Gil! What is it with Montanan’s crushing it into the 8th and 9th decades of life? I am so stoked for you! Best of luck at the Marine Corps Marathon. That race is special to me, despite never having run it. A physical therapy patient of mine trained for it just after receiving a cancer diagnosis directly related to his service as a Marine in Vietnam. He taught me much more than I ever did him. Go out there and give yourself one heck of a 74th birthday present!

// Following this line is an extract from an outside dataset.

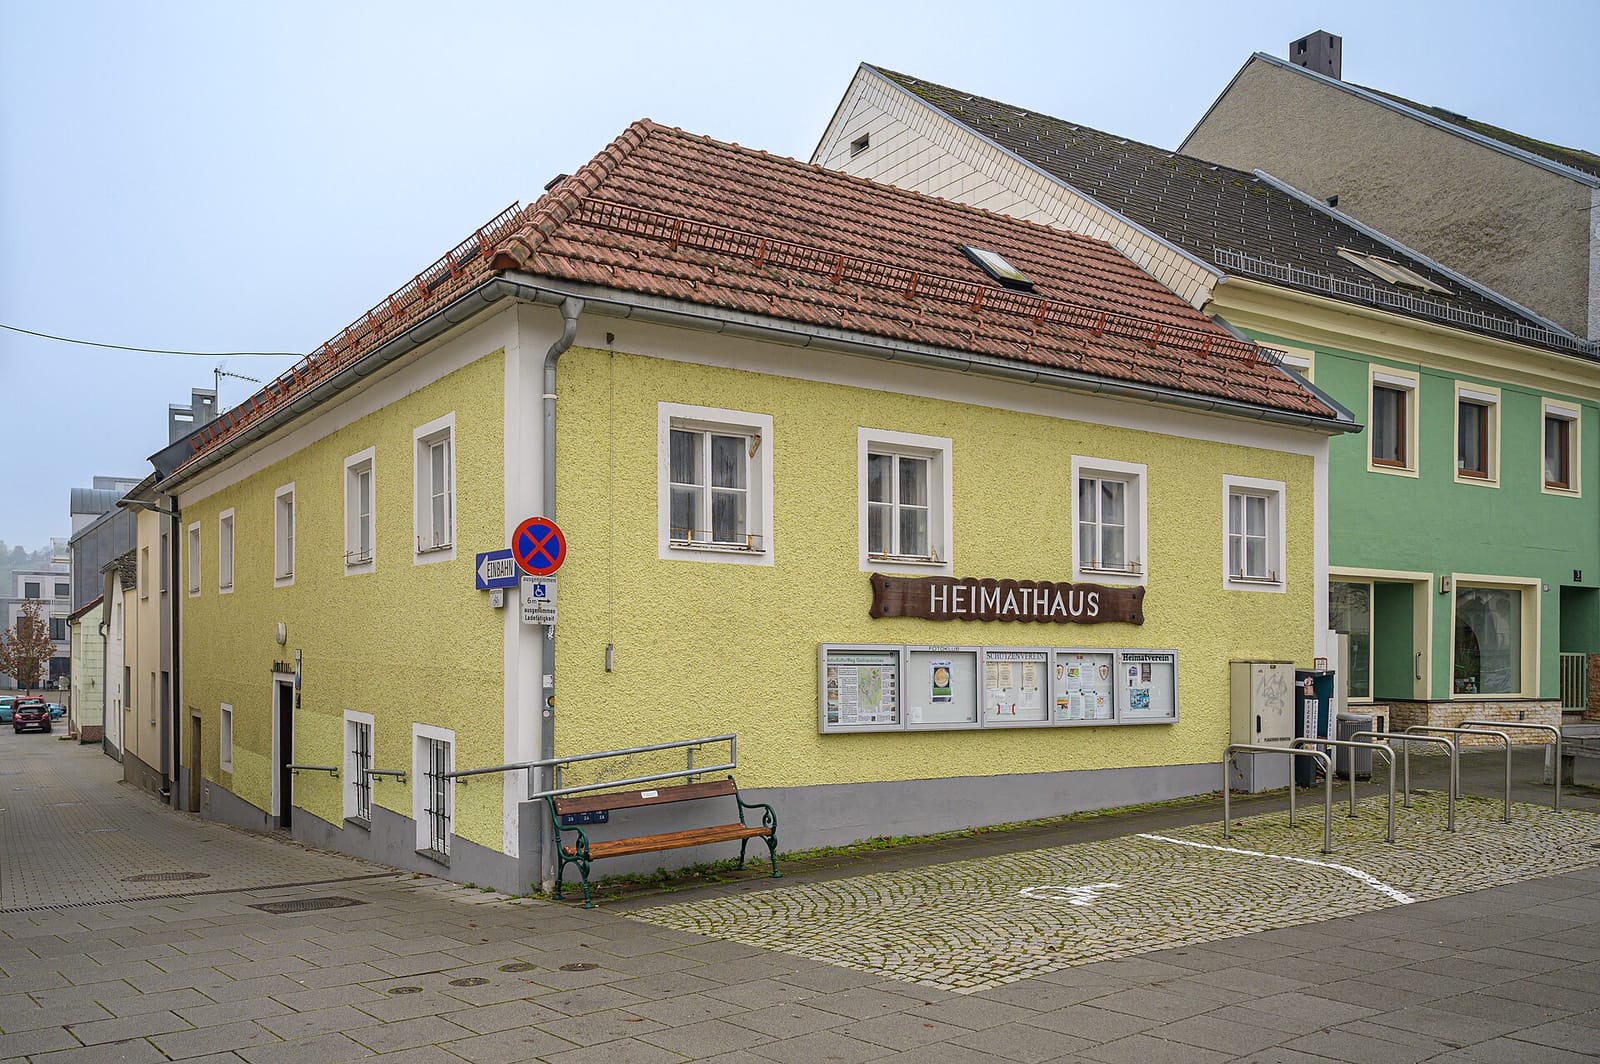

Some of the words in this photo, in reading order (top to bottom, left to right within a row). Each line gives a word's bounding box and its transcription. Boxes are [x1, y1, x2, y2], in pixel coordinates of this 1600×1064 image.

[487, 559, 513, 578] EINBAHN
[930, 584, 1099, 617] HEIMATHAUS
[1122, 654, 1170, 662] Heimatverein

Thanks Nikki, it’s an honor to have your encouragement. And it is very nice to see such luminaries as Rachel, Shari, and Roy checking in to express their appreciation and respect for you as a runner and a person. I’ll use your words to give a little extra for training and racing at the Marine Corps Marathon. You’re the best.
Wow……you’re beautiful.
Nikki, thank you for sharing your journey and opening a meaningful dialogue on the rarely-addressed topic of athletes and aging. Your essay, like you, is inspiring, insightful, and encouraging. Everyone needs to hear your compassionate message — that we can never truly know what someone else feels, and that one person’s pain or injury can’t be measured against the next person’s. You shed light on so many aspects of running and aging — and not just the physical challenges, but also our own mind games with which we must contend. You show us the importance of pushing ourselves to be our best, but also knowing when to ease up (mentally and physically), when to stop agonizing about paces we can no longer maintain and just re-learn to embrace the pure joy of movement at any speed. Thank you for continuing to lead the way!
Just wanted to let you know I was touched by this deeply honest essay. I was never elite, but am struggling in a similar way with the effects of aging: injuries and slowing down. Never had to worry about cutoffs before, but I’ll have them written on my hand when I line up to start Western States tomorrow morning. Thank you for sharing your insights and reminding me to relish every run I am still able to do.
Jennifer!! I will be cheering you on from Montana!!!! The only thing I love about aging (and I don’t think I’m old, but I don’t know what else to call it) is the perspective I’ve gained through 5 decades of life, competition and experience. At my best, I had no idea that what slowing down would feel like. Embarrassingly, I didn’t even consider racing cut-offs. I was not intending to be insensitive in those thoughts; I was simply ignorant of how bodies and minds change through time. I am working now to regain the ability to beat cut-offs. My leg may or may not allow ultra distance running again. Either way, I’m happier now, working toward the goal of running 10 miles at 12-15 minute pace, than I was through much of my race career.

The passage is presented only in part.